Your task is to repeat the entries word for word while leaving out the pictures.
────────
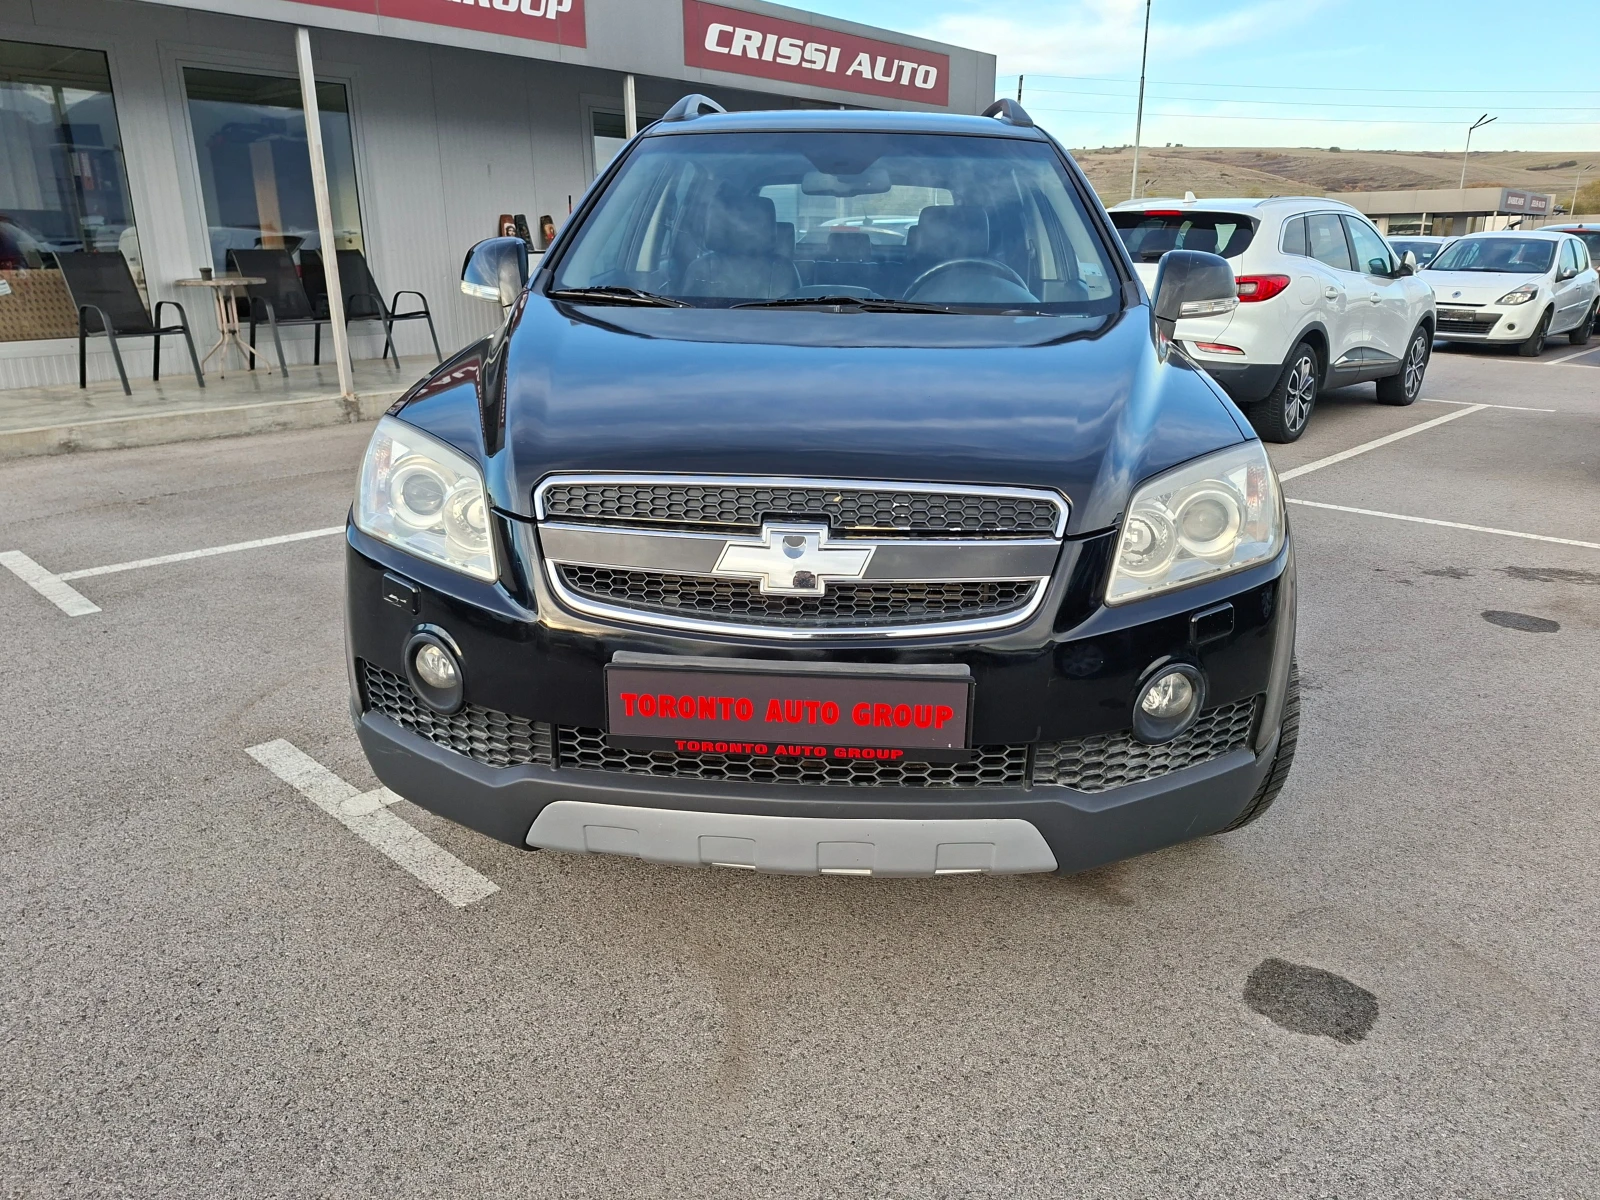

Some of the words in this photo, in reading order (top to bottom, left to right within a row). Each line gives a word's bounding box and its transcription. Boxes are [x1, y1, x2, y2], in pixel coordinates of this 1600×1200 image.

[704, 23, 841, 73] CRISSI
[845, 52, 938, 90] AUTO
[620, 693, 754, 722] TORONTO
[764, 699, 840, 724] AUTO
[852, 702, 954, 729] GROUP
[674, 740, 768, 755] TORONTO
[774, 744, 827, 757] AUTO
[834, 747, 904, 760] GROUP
────────
*Written reply:*
Some of the words in this photo, in reading order (top to bottom, left to right within a row). Each line gives a word's bounding box and its transcription. Boxes are [x1, y1, x2, y2], in pixel coordinates of this 1600×1200 image.

[704, 23, 841, 73] CRISSI
[845, 52, 938, 90] AUTO
[620, 693, 754, 722] TORONTO
[764, 699, 840, 724] AUTO
[852, 702, 954, 729] GROUP
[674, 740, 768, 755] TORONTO
[774, 744, 827, 757] AUTO
[834, 747, 904, 760] GROUP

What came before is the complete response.